The clubhouse was noticeably waiting. God knows the fans were doing the same. For the front office to be able to deliver, right now, at this juncture, with the club in the best position they’ve been in at this point in any season in recent memory, that is enormous. You can’t measure it in counting stats or ratios but bringing in a guy like Andrew Miller lights a fire underneath anyone who works for or supports the Cleveland Indians, and it does so at a perfect time.

Missing out on Lucroy sucks.

Hanging on to Mejia, Chang, Allen and Armstrong doesn’t.

We sent a huge haul to New York to get Miller, so retaining some organizational depth lessens the sting of the veto a small bit. Mejia, the centerpiece of that package, is a 20-year-old switch-hitting catcher who’s currently riding a 42 game hit streak and was ranked as the 5th best catching prospect in all of baseball by MLB.com. He’s now the 4th best prospect in the Indians system. Yeah he’s young and seems to be a ways away from the big show, but you know who else was a highly-touted 20-year-old tearing it up in High A that seemed to be nowhere near ready for the majors one year ago? He’s got red hair, and he now wears pinstripes.

A few specific players that may have woken up today feeling a little bit better about themselves are Yan Gomes and Tyler Naquin.

Now I’m not at all convinced that the gripes about guaranteed playing time in 2017 weren’t floated by the Lucroy camp as an attempt at damage control. Common sense seems to say that if you acquire a top 3-4 guy at one position, and you don’t currently employ one of the other 2-3 members of that group, he’s going to play every day. But if there’s any truth to the rumors that the Indians wouldn’t guarantee Lucroy the starting job next year, it just goes to show how much confidence Tito and co. have in Gomes, even after his struggles over the past two seasons. Seems like an eternity ago, but at the beginning of last season he was coming off 3.3 and 4.5 WAR seasons. That was good for the 5th highest total number of wins above replacement at catcher for 2013 and 2014.

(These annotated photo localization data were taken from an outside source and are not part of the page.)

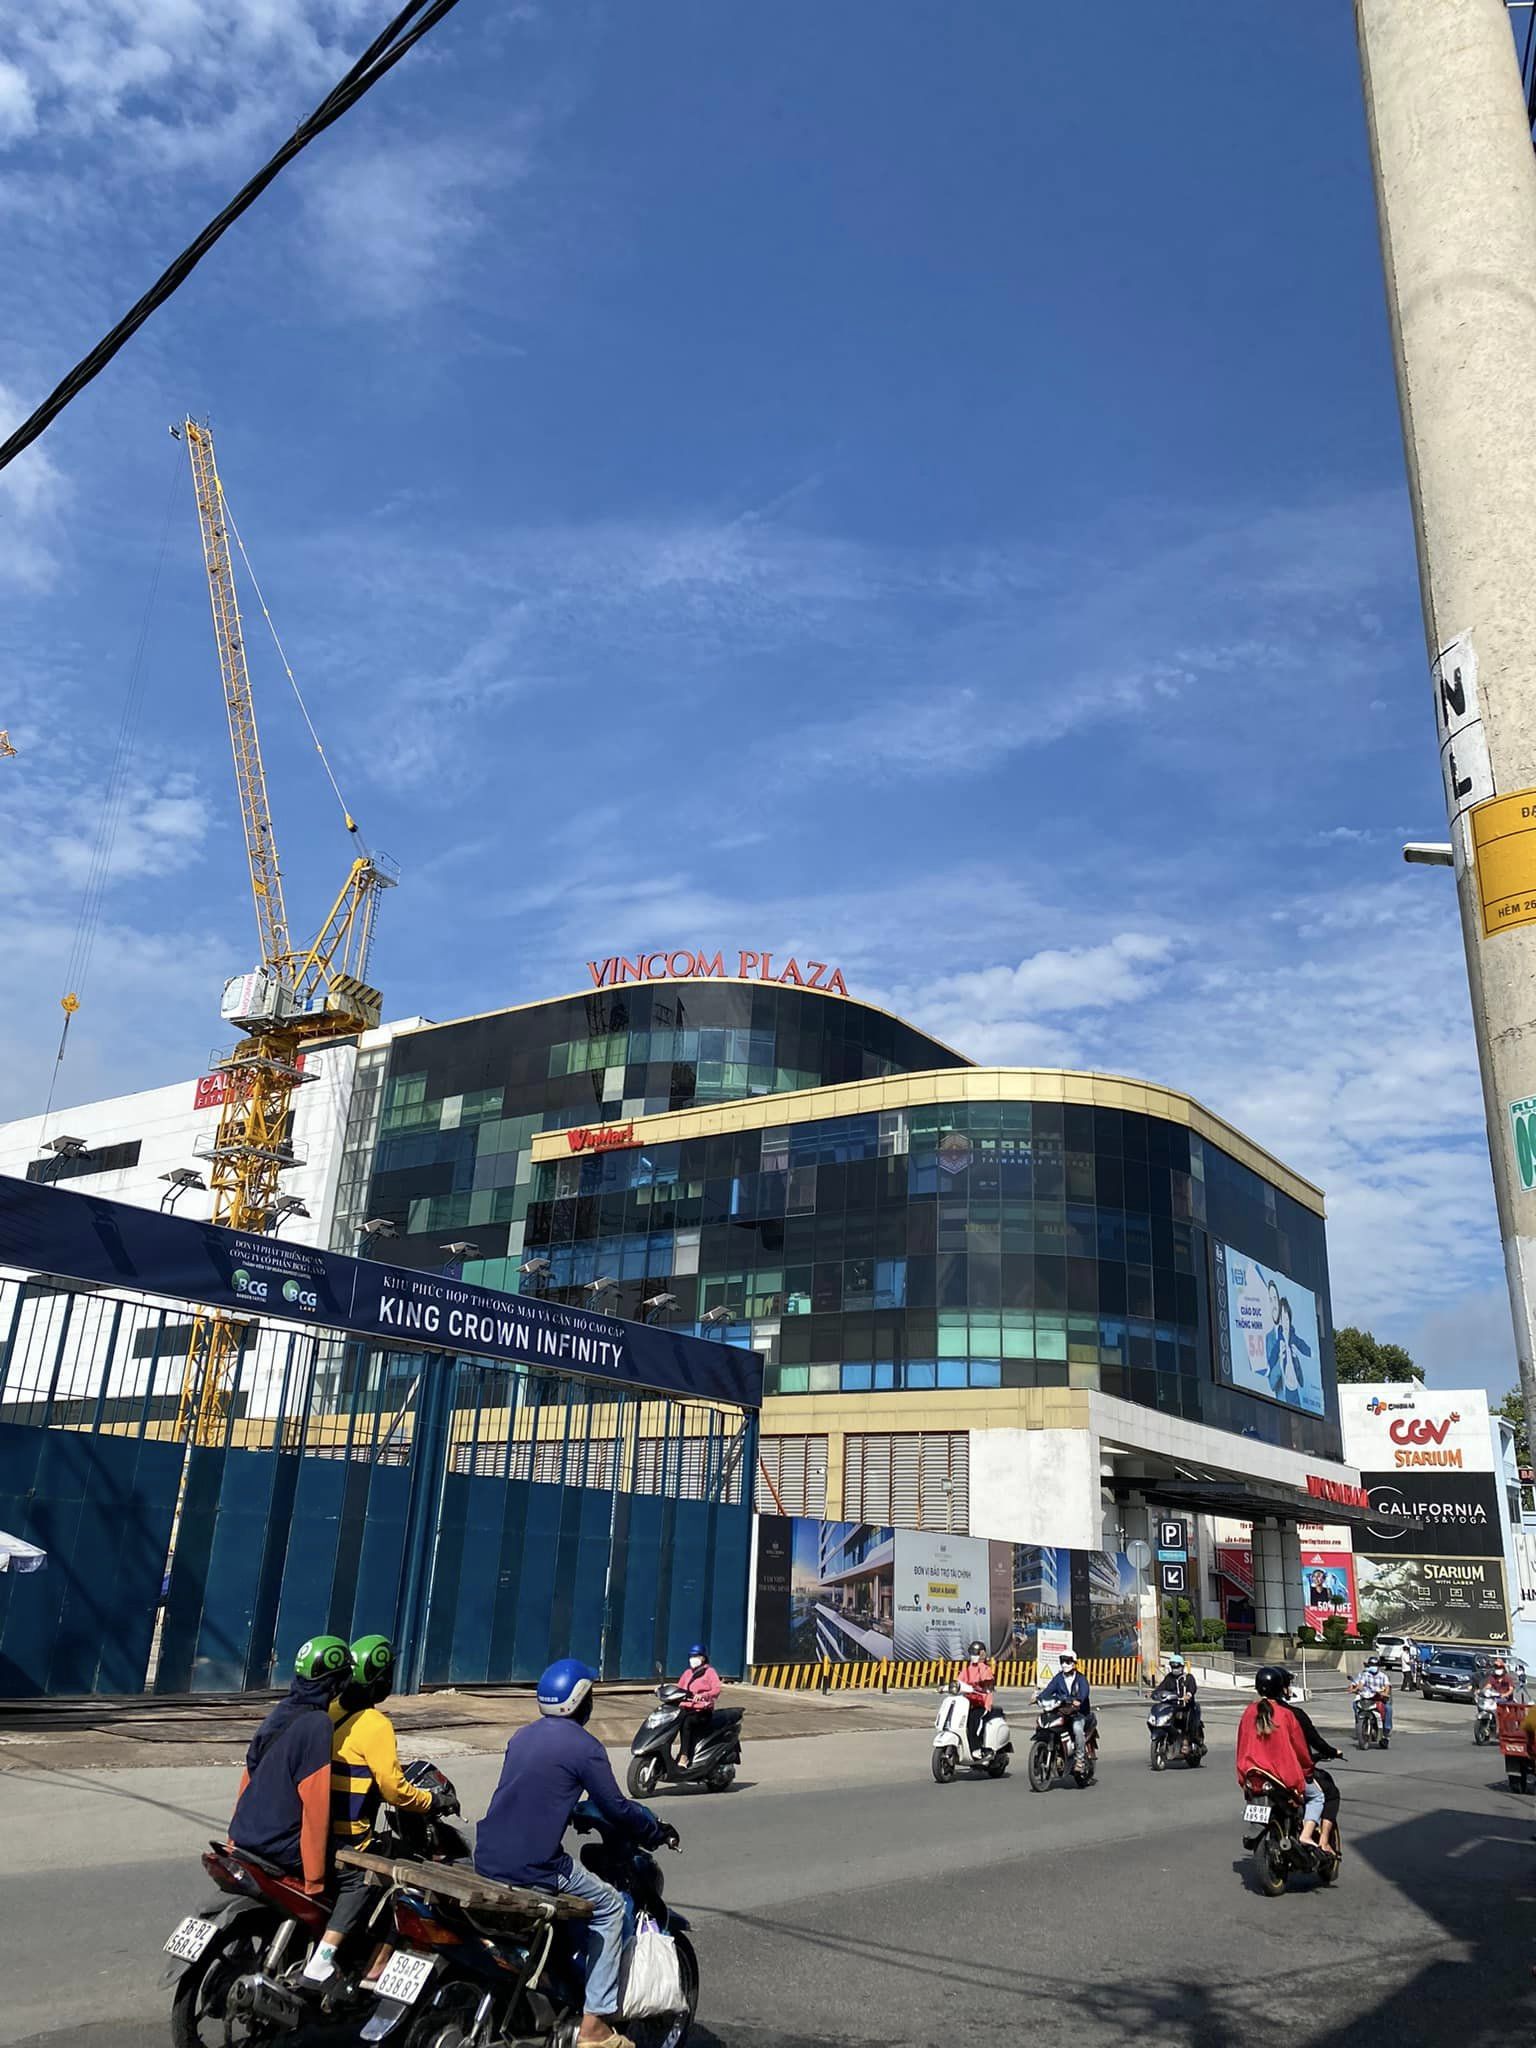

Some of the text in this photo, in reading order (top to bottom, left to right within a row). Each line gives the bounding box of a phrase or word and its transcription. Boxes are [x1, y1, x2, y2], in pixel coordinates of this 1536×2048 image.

[587, 951, 850, 996] VINCOM PLAZA
[229, 1248, 250, 1260] CÔNG
[237, 1278, 268, 1297] BCG
[289, 1288, 317, 1306] BCG
[383, 1276, 409, 1291] KHU
[412, 1281, 443, 1299] PHỨC
[446, 1289, 469, 1304] HỢP
[470, 1296, 515, 1314] THƯƠNG
[517, 1305, 536, 1319] MẠI
[588, 1321, 606, 1335] CAO
[607, 1324, 625, 1338] CẤP
[378, 1295, 623, 1368] KING CROWN INFINITY
[1389, 1418, 1450, 1445] CGV
[1394, 1448, 1463, 1468] STARIUM
[1378, 1502, 1486, 1516] CALIFORNIA
[1165, 1525, 1177, 1544] P
[1424, 1564, 1485, 1582] STARIUM
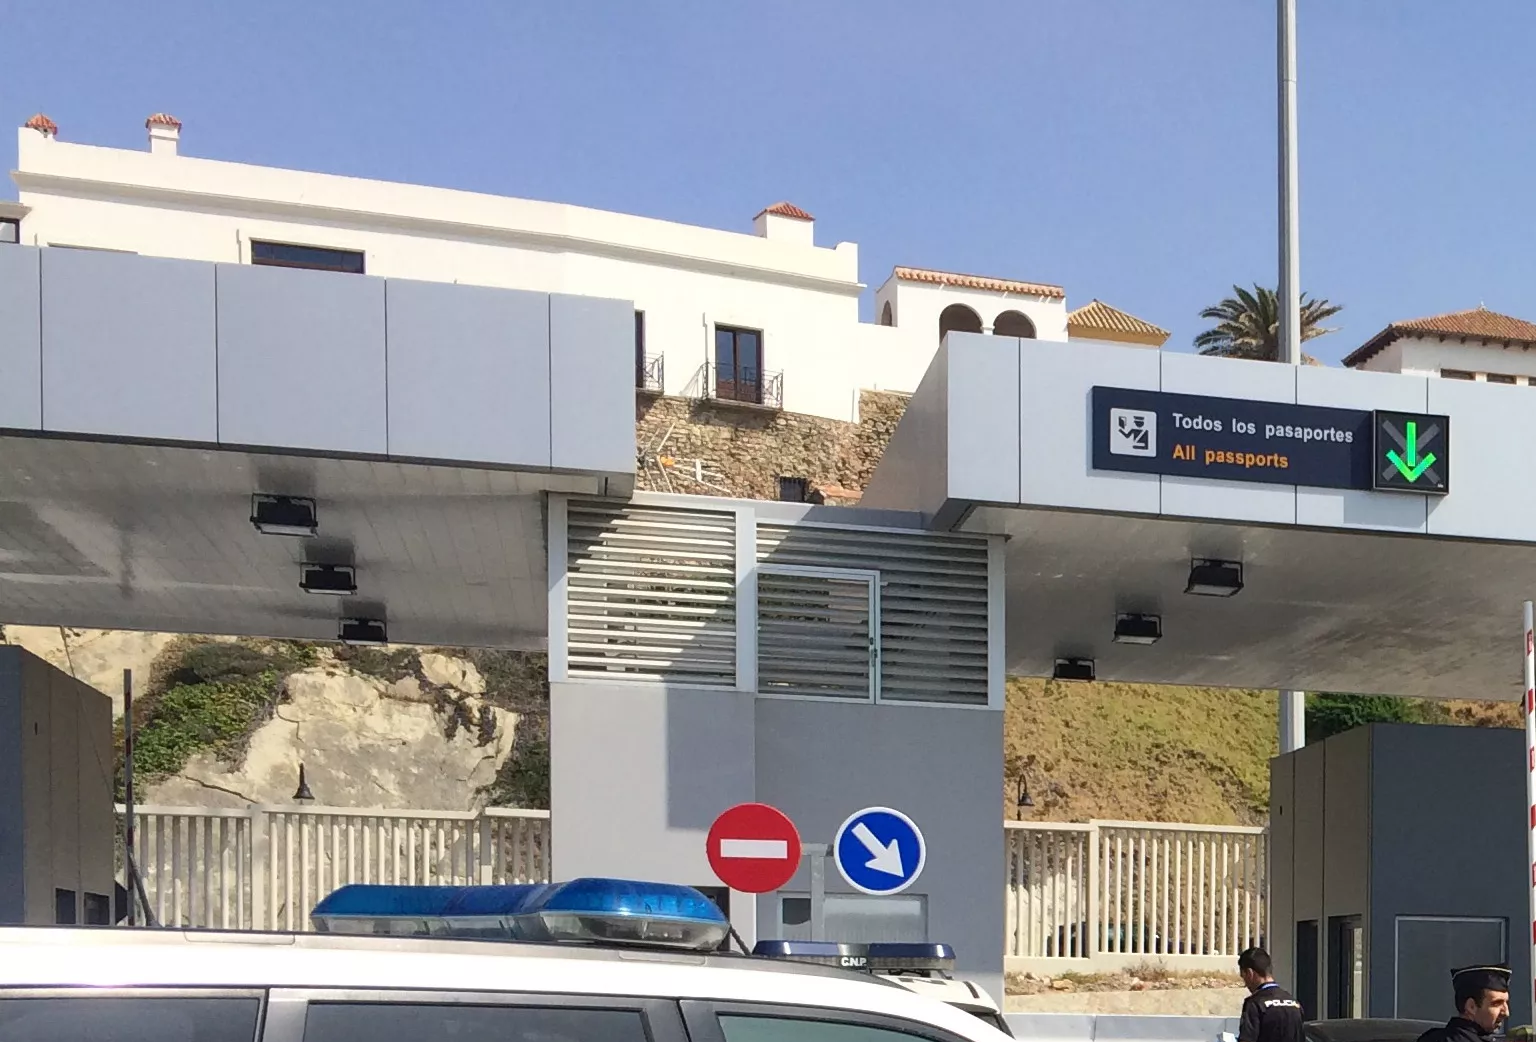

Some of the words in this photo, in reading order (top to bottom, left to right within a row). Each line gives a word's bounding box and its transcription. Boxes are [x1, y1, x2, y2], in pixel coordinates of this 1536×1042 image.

[1172, 413, 1223, 432] Todos
[1232, 418, 1257, 435] los
[1265, 423, 1354, 444] pasaportes
[1172, 444, 1196, 460] All
[1205, 446, 1289, 469] passports
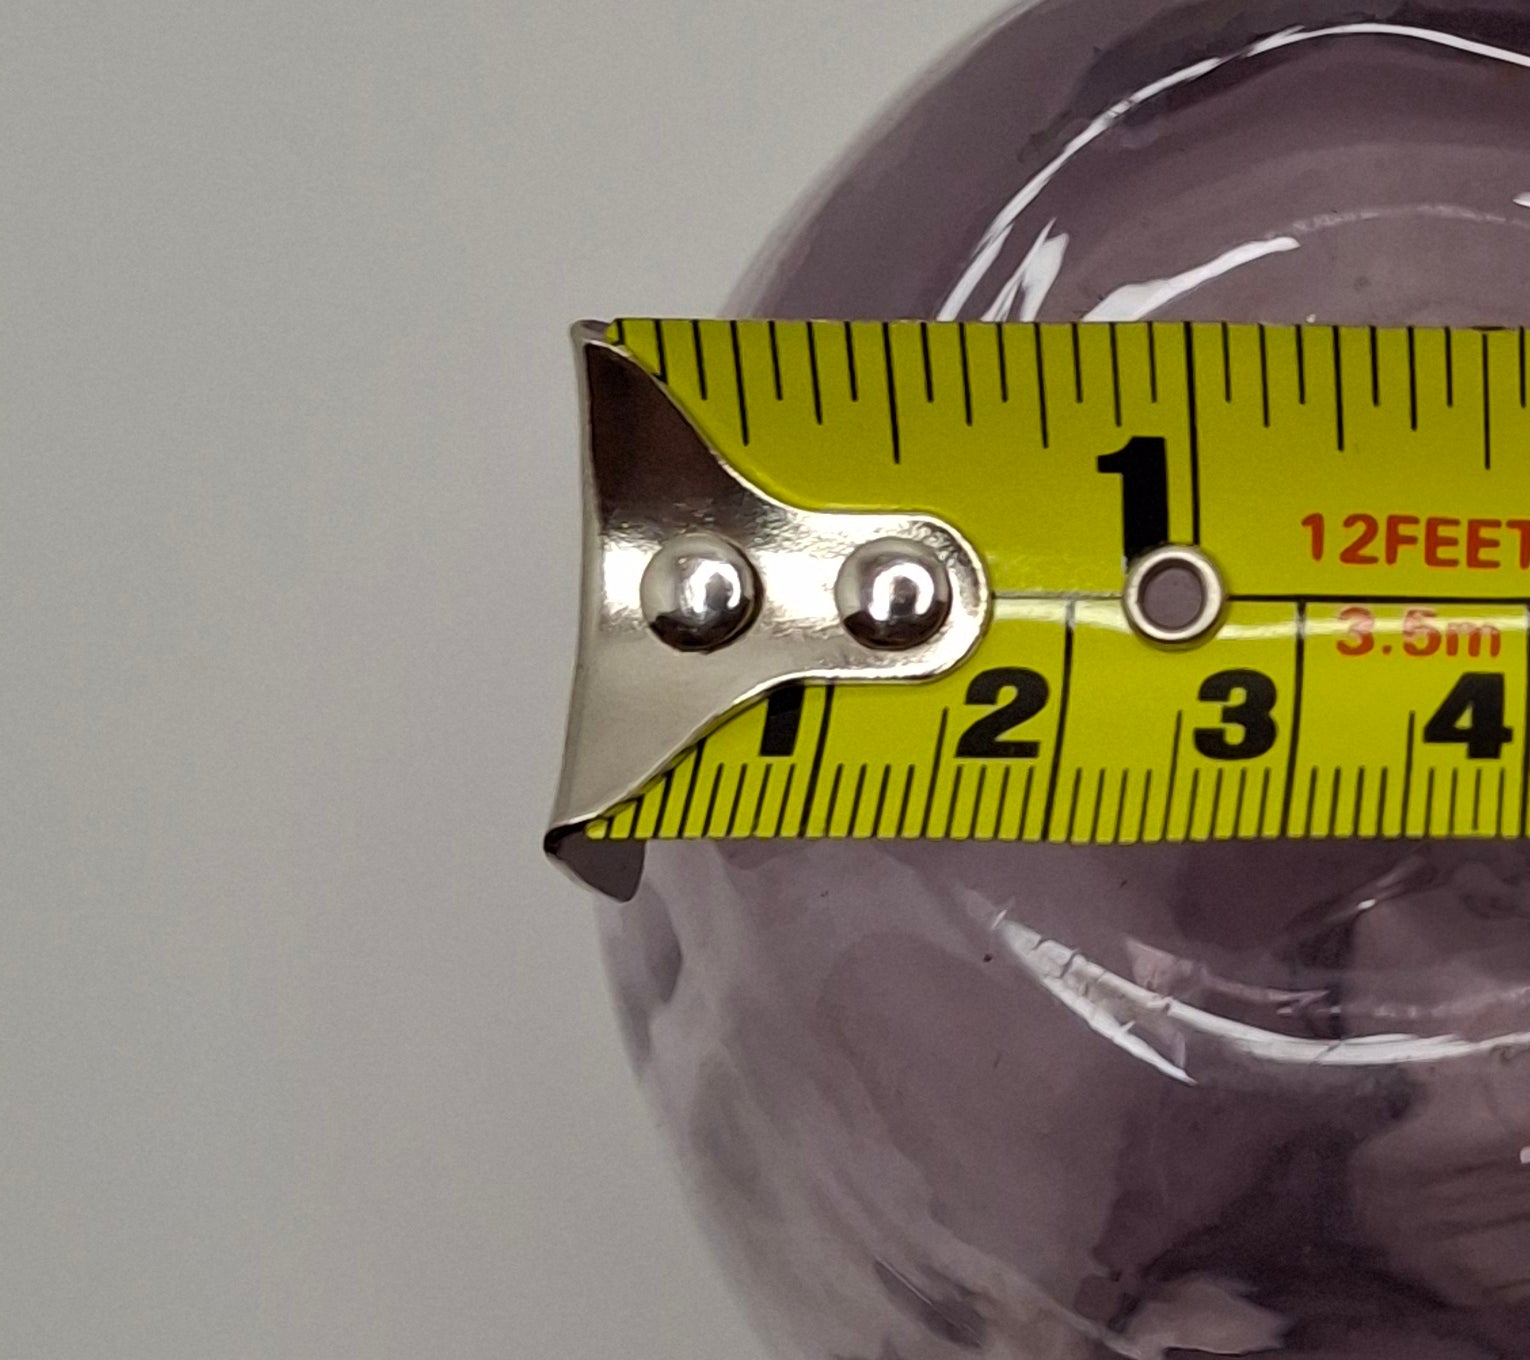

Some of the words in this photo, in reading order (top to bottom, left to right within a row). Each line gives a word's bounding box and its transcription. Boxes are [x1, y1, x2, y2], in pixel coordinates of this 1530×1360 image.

[1336, 606, 1501, 658] 3.5m
[955, 668, 1051, 759] 2
[1193, 671, 1279, 761] 3
[1423, 672, 1514, 759] 4

And I would have to imagine the way Naquin has played this year at least had a part in the front office feeling comfortable enough to move one and almost two upper-level outfielders without bringing one back. Be interesting to see how his ABs (or lack thereof) against lefties play out the rest of the season.

I’ll keep the bad news short and sweet.

Losing a player with as much potential as Frazier has is never an easy pill to swallow, no matter who you get in return. He’s got an explosive tool set and had become part of Indians folklore with his flowing red hair and, well, interesting personality. People probably knew a little less about Sheffield, but the bottom line is you sent two guys to New York and they immediately became the Yankees #1 and #7 prospects. That’s what it’s gonna cost to get a guy who’s one of the best at his positions, and it happened to be a position we need. Everyone has been calling for us to pay it for years. We finally did.

Also, it kinda sucks that the specifics of the Lucroy deal were released and these four kids know they were theoretically dealt by the Indians. Hopefully they realize this was about winning now, and that’s not to say the club doesn’t think they can help us win in the future.